La place Paul Verlaine - F Bournon - 1905

La place Paul Verlaine

Le Journal des débats politiques et littéraire —22 novembre 1905

Une délibération municipale, approuvée par un arrêté préfectoral que ratifia, le 28 juillet dernier, un décret présidentiel, a donné le nom de Paul Verlaine à une place sise à Paris dans le 13e arrondissement, à l'intersection des rues Bobillot, du Moulin-des-Prés et de la Butte-aux-Cailles. Nul n'y a contredit, si ce n'est peut-être quelque vieux sergent de ville ayant eu occasion d'offrir son bras un peu rudement au poète trébuchant, et que cet honneur posthume aura surpris. De même, qu'auraient dit les archers du guet qui eurent souvent mission d'appréhender maître François Villon, s'ils avaient vu, un beau jour, son nom inscrit aux coins d'une rue de la ville ! Cette stupeur leur fut épargnée, car si Villon figure dans la Nomenclature des voies publiques de Paris — et c'est justice — ce n'est que depuis 1897 il aura pausé bien plus longtemps que Verlaine.
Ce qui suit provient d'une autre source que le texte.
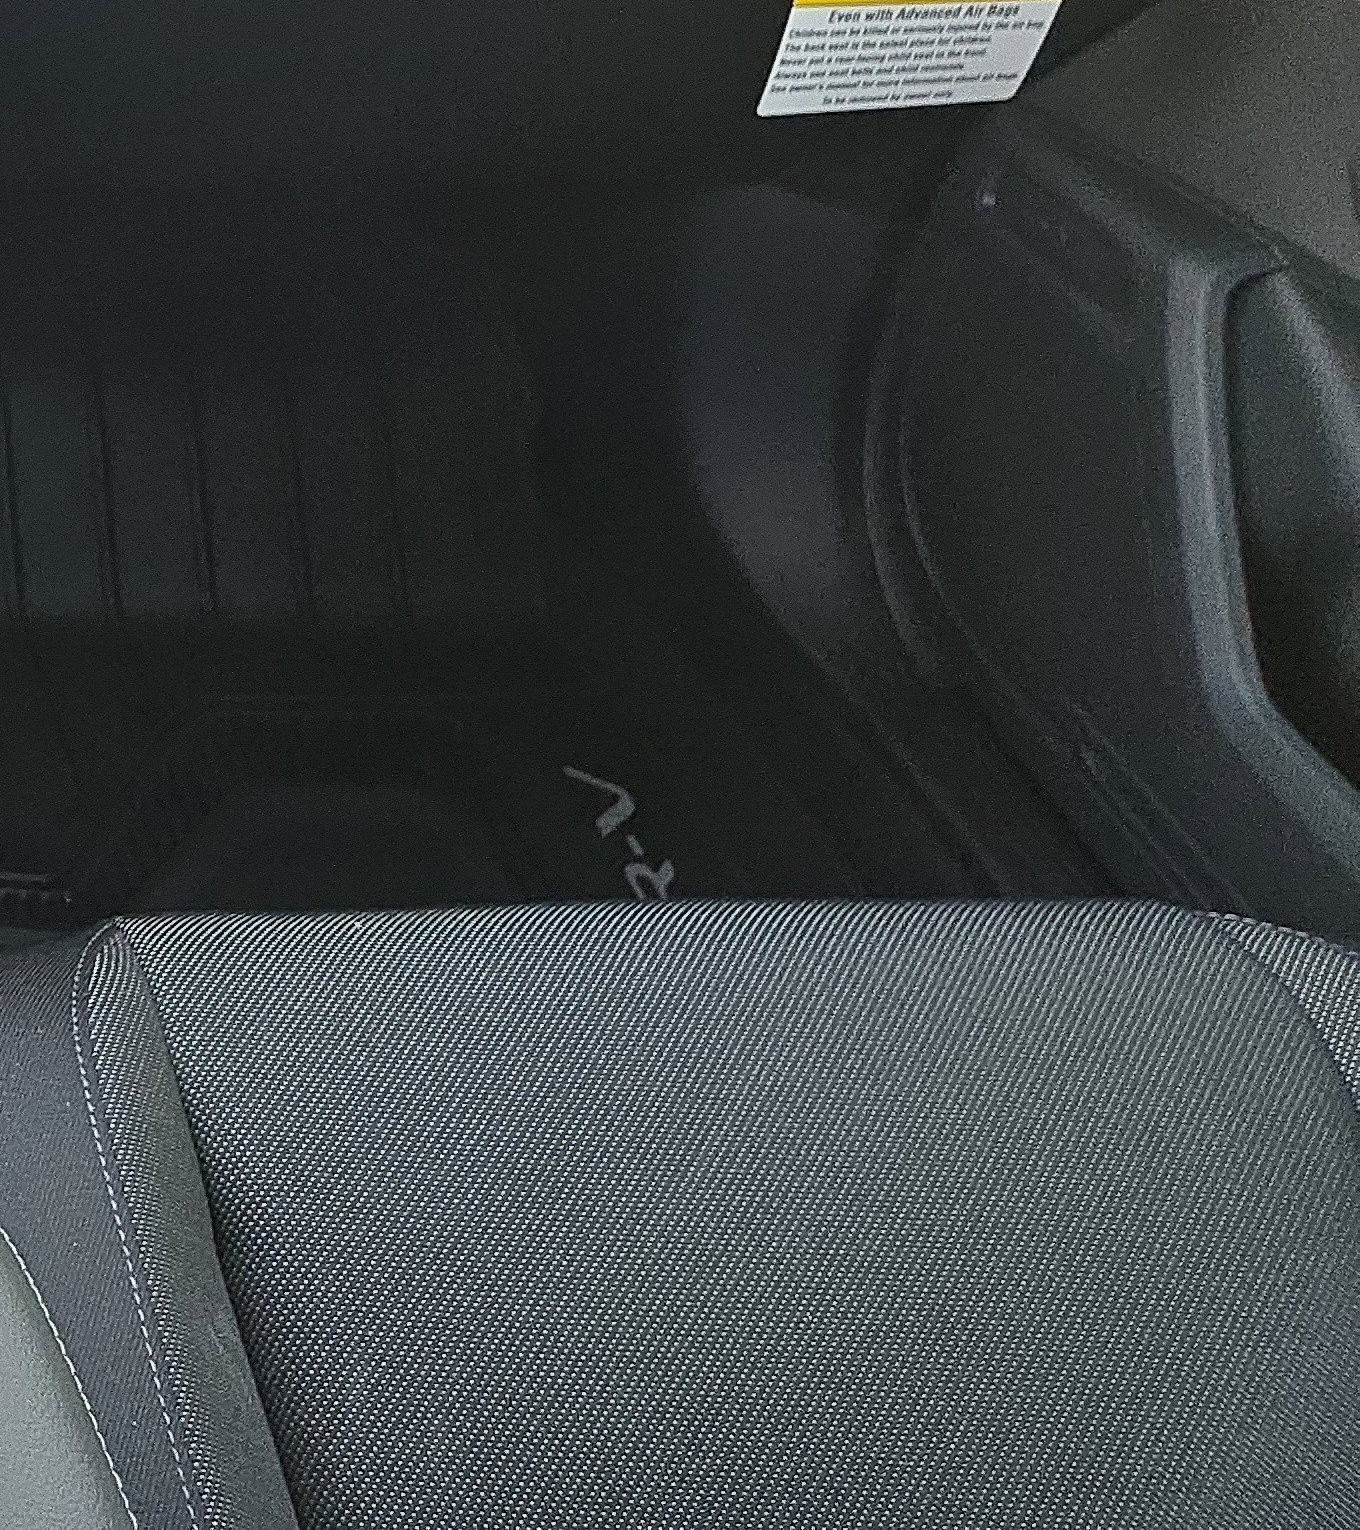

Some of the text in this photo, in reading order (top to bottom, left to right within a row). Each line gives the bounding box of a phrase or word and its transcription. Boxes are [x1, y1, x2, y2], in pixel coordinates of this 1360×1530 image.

[828, 4, 1020, 24] Even with Advanced Air Bags
La place Paul Verlaine vers 1910.

À vrai dire, pour celui-ci, son affaire n'est pas encore réglée. En dépit des arrêtés et décrets, l'entrepreneur des plaques émaillées de la Ville, — qui sans doute appartient à une autre école poétique que feule pauvre Lélian, — fait la sourde oreille. Nous eûmes, l'autre jour, la curiosité de nous transporter au carrefour précité et là où nous comptions lire : Place Paul-Verlaine, conformément aux volontés municipale, préfectorale et présidentielle, nous fûmes tout simplement Place du Puits-Artésien, inscription à un exemplaire unique, dominant un square minuscule qui â lai seul constitue la place, car les maisons environnantes appartiennent toutes aux rues qui la bordent.

Ces réserves faites, il faut convenir qu'on :ne pouvait trouver meilleur emplacement. Les choses et les êtres ont leurs affinités, même dans l'au-delà. On imagine malaisément une place Paul-Verlaine au quartier du parc Monceau à la butte aux Cailles elle se trouve à l'aise, dans un double élément de poésie mélancolique et de vie miséreuse, où trop souvent le second élément se complique de vice, vice brutal et effronté des gens qui font bon marché de l’existence, la leur et celle des autres.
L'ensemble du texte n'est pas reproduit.